Don’t expect to go from zero to 60 in 10 seconds. Love will manifest only occasionally and weakly at first, not dramatically. When it does, let it flow. We can allow this soothing force to affect us and those around us. In its presence, the excessive demands of our loved ones may immediately diminish. Because what they were really pleading for was love; their demands were a substitute for what they wanted. Give genuine love and the demands miraculously diminish.
There’s a second aspect that prevents loving and it is related to our desire to be accepted and to find our place in the greater symbolic world. When the world feels like a tough place, we hold back our natural feelings out of fear that we will be despised by the people whose approval we’re seeking. Our fear is especially strong when we have natural feelings for someone we believe we are supposed to reject, according to the world. This can have graver consequences for us than we realize.
Chances are, those people feel quite differently towards us than we think. And if we were more kind and loving, not betraying the best in ourselves to win their approval, they would probably like and respect us more. We need to have the courage to be ourselves so we can discover if this might be true. For some of us, we need more courage to be our warm, loving selves than to be a self-assertive, “strong” version of ourselves.
But let’s suppose for a moment that things are the way we fear they are. Doesn’t that mean that other people are just as immature in this respect as we are? Emulating immaturity is never going to lead us to the doorstep of self-respect. No, it’s going to land us in uncertainty, creating self-contempt instead.

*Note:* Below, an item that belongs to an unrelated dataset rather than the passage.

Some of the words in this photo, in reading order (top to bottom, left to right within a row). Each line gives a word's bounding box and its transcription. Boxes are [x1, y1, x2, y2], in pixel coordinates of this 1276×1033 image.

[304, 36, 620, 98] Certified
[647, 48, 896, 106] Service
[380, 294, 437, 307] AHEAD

We don’t simulate strength by betraying ourselves. Withholding love from someone weaker we’re supposed to reject only produces self-hate. To lack courage and self-assertion is the same as submitting. When we do this, we deny the best in ourselves for the sake of approval. All of this sets up a process of self-alienation because we produce artificial toughness while discouraging natural feelings.

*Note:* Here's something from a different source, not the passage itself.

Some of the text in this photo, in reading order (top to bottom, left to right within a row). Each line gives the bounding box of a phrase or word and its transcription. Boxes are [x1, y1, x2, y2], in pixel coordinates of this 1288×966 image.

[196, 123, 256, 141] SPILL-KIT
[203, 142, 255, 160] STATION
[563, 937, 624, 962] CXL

Of course we’re not doing any of this consciously. We may not, in fact, be at all aware that this is what’s going on. But if we look closely at our reactions, perhaps jotting a few notes at the end of each day, we may start to see some patterns. That’s the way out if we want to change our childish attitudes.

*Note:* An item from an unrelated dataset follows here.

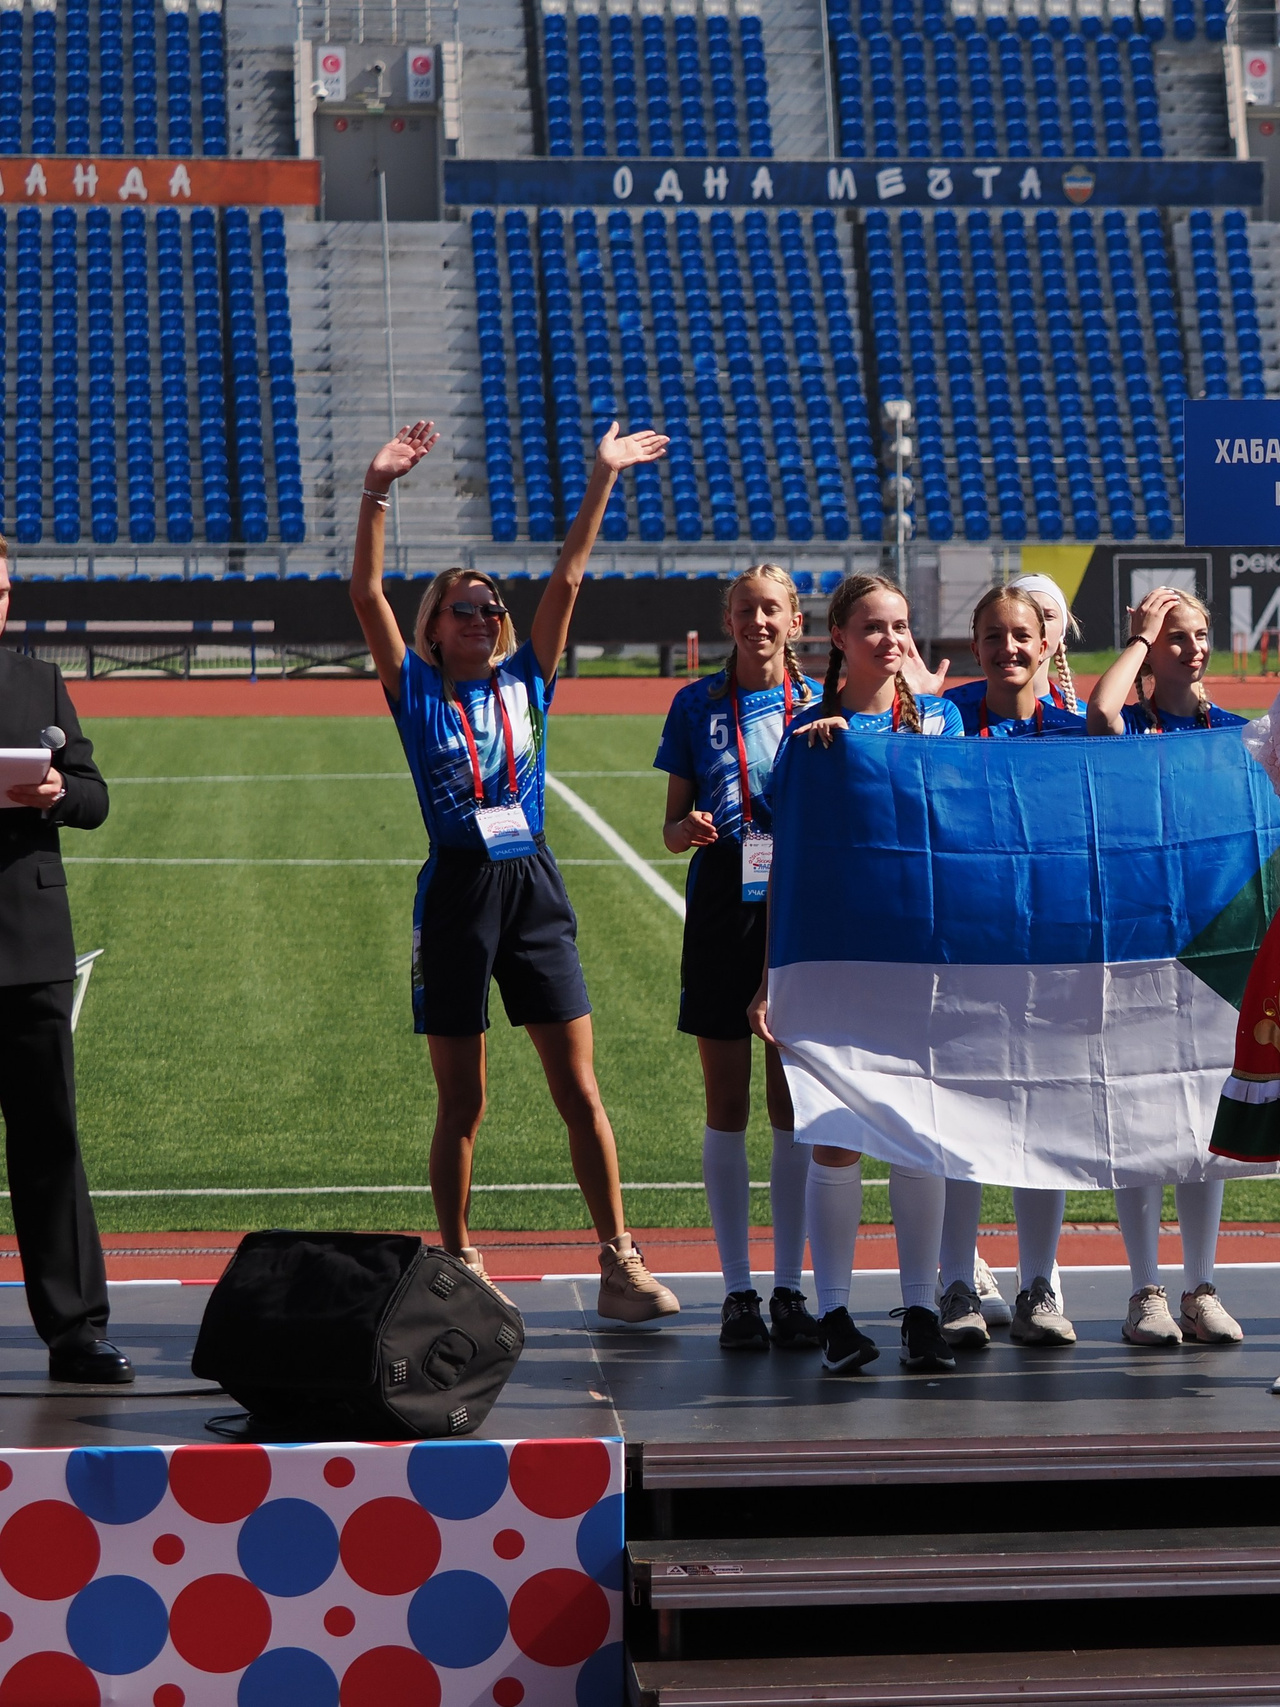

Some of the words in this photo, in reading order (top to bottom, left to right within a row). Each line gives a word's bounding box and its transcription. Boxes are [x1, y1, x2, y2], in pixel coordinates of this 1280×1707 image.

[0, 162, 192, 201] АНДА
[613, 165, 774, 203] ОДНА
[710, 713, 729, 750] 5

Once we have the courage to be our true selves, daring to love someone that the big, bad outer world says we should despise, we’ll discover something marvelous: there are not good and bad worlds; there’s no division of a superior world and an inferior world. That’s an illusion.
Until we have delved into the labyrinth of our inner worlds, all this may sound a bit farfetched. For others, these words can help dissolve some crippling misunderstandings about how this world works.
The third aspect of our inner No to loving may sound paradoxical at first. It relates to the type of person who is the opposite of the one we just discussed, the one who represses feelings. People with this aspect predominantly have such an overwhelming need for love and fulfillment that they feel a special threat about non-fulfillment. The remedy they choose is to use a strong forcing current. They hope to bulldoze their way to love. Needless to say, there’s not much joy at the end of this road.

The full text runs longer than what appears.